Please output the data exactly, minus pictures.

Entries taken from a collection
--- --- ---

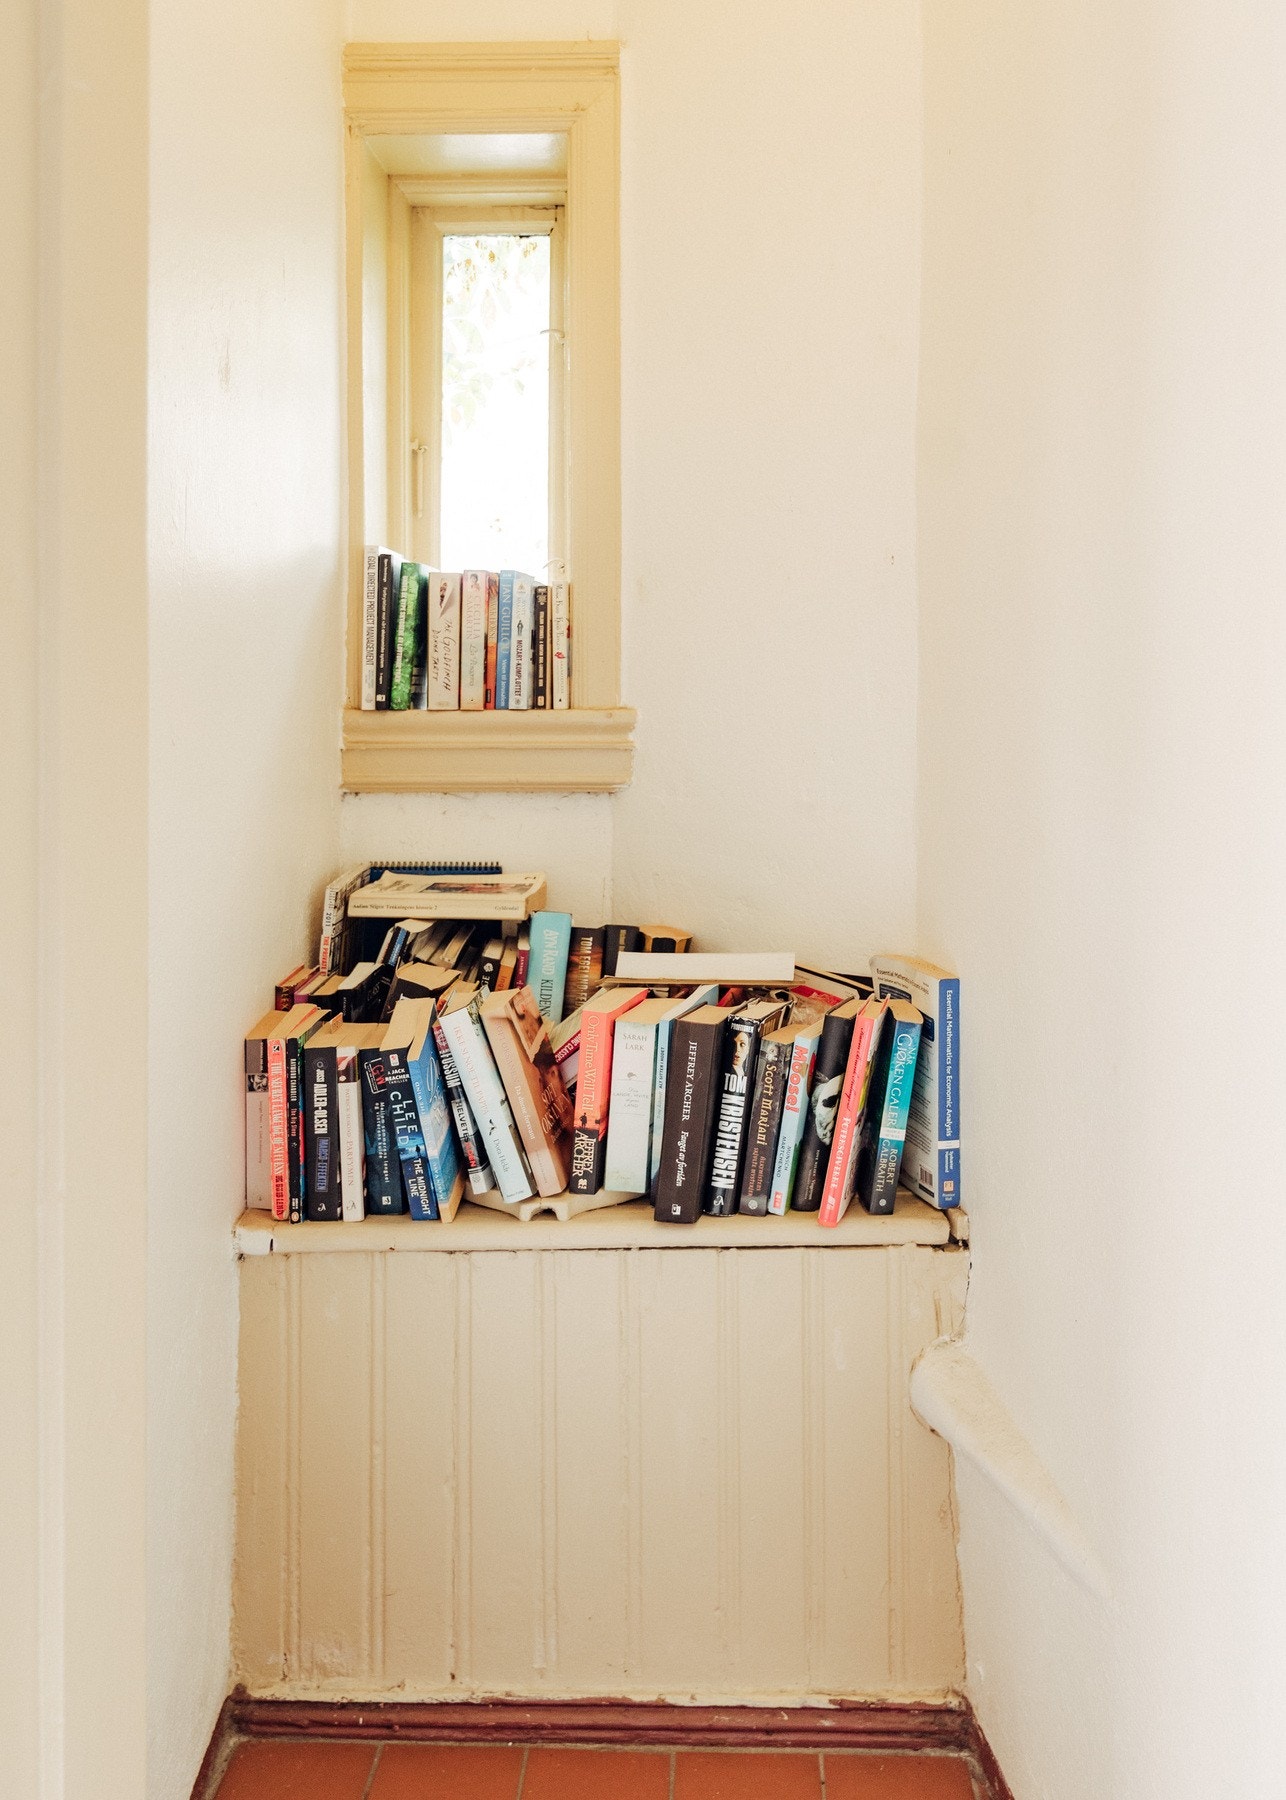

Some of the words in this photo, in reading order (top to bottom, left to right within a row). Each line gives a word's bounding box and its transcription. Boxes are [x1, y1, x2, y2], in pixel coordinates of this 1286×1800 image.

[367, 555, 376, 571] GOAL
[366, 572, 376, 600] DIRECTED
[501, 584, 512, 604] JAN
[366, 601, 376, 626] PROJECT
[473, 596, 481, 640] CECILIA
[499, 606, 512, 654] GUILLOU
[365, 627, 375, 667] MANAGEMENT
[514, 639, 524, 697] MOZART-KOMPLOTTET
[324, 912, 333, 928] 2011
[543, 929, 560, 949] AYN
[580, 937, 593, 953] TOM
[541, 949, 558, 975] RAND
[579, 955, 592, 989] EGELAND
[539, 978, 554, 1017] KILDENS
[946, 989, 954, 1020] Essential
[584, 1015, 601, 1041] Only
[622, 1033, 648, 1042] SARAH
[946, 1020, 954, 1065] Mathematics
[585, 1041, 599, 1069] Time
[624, 1043, 645, 1051] LARK
[685, 1040, 698, 1081] JEFFREY
[892, 1033, 912, 1085] GJØKEN
[906, 1046, 918, 1065] NÅR
[271, 1063, 284, 1076] THE
[440, 1052, 462, 1089] FOSSUM
[583, 1069, 597, 1089] Will
[724, 1072, 748, 1094] TOM
[785, 1045, 809, 1113] Moose!
[271, 1077, 285, 1102] SECRET
[581, 1090, 595, 1111] Tell
[681, 1080, 694, 1122] ARCHER
[945, 1075, 953, 1104] Economic
[271, 1103, 286, 1137] LANGUAGE
[314, 1083, 328, 1135] ADLER-OLSEN
[390, 1090, 410, 1147] CHILD
[403, 1100, 419, 1133] LEE
[887, 1087, 902, 1128] GALER
[945, 1105, 954, 1137] Analysis
[572, 1129, 588, 1177] ARCHER
[583, 1137, 597, 1174] JEFFREY
[677, 1131, 690, 1152] Fanget
[710, 1093, 746, 1190] KRISTENSEN
[776, 1135, 788, 1178] MARTCHENKO
[412, 1158, 423, 1174] THE
[675, 1159, 688, 1187] fortiden
[784, 1145, 792, 1172] MUNSCH
[875, 1139, 890, 1192] GALBRAITH
[886, 1148, 899, 1185] ROBERT
[408, 1178, 420, 1198] LINE
[414, 1175, 431, 1216] MIDNIGHT

--- --- ---

Exercise output.
Some of the words in this photo, in reading order (top to bottom, left to right within a row). Each line gives a word's bounding box and its transcription. Boxes are [x1, y1, x2, y2], in pixel coordinates of this 1286×1800 image.

[367, 555, 376, 571] GOAL
[366, 572, 376, 600] DIRECTED
[501, 584, 512, 604] JAN
[366, 601, 376, 626] PROJECT
[473, 596, 481, 640] CECILIA
[499, 606, 512, 654] GUILLOU
[365, 627, 375, 667] MANAGEMENT
[514, 639, 524, 697] MOZART-KOMPLOTTET
[324, 912, 333, 928] 2011
[543, 929, 560, 949] AYN
[580, 937, 593, 953] TOM
[541, 949, 558, 975] RAND
[579, 955, 592, 989] EGELAND
[539, 978, 554, 1017] KILDENS
[946, 989, 954, 1020] Essential
[584, 1015, 601, 1041] Only
[622, 1033, 648, 1042] SARAH
[946, 1020, 954, 1065] Mathematics
[585, 1041, 599, 1069] Time
[624, 1043, 645, 1051] LARK
[685, 1040, 698, 1081] JEFFREY
[892, 1033, 912, 1085] GJØKEN
[906, 1046, 918, 1065] NÅR
[271, 1063, 284, 1076] THE
[440, 1052, 462, 1089] FOSSUM
[583, 1069, 597, 1089] Will
[724, 1072, 748, 1094] TOM
[785, 1045, 809, 1113] Moose!
[271, 1077, 285, 1102] SECRET
[581, 1090, 595, 1111] Tell
[681, 1080, 694, 1122] ARCHER
[945, 1075, 953, 1104] Economic
[271, 1103, 286, 1137] LANGUAGE
[314, 1083, 328, 1135] ADLER-OLSEN
[390, 1090, 410, 1147] CHILD
[403, 1100, 419, 1133] LEE
[887, 1087, 902, 1128] GALER
[945, 1105, 954, 1137] Analysis
[572, 1129, 588, 1177] ARCHER
[583, 1137, 597, 1174] JEFFREY
[677, 1131, 690, 1152] Fanget
[710, 1093, 746, 1190] KRISTENSEN
[776, 1135, 788, 1178] MARTCHENKO
[412, 1158, 423, 1174] THE
[675, 1159, 688, 1187] fortiden
[784, 1145, 792, 1172] MUNSCH
[875, 1139, 890, 1192] GALBRAITH
[886, 1148, 899, 1185] ROBERT
[408, 1178, 420, 1198] LINE
[414, 1175, 431, 1216] MIDNIGHT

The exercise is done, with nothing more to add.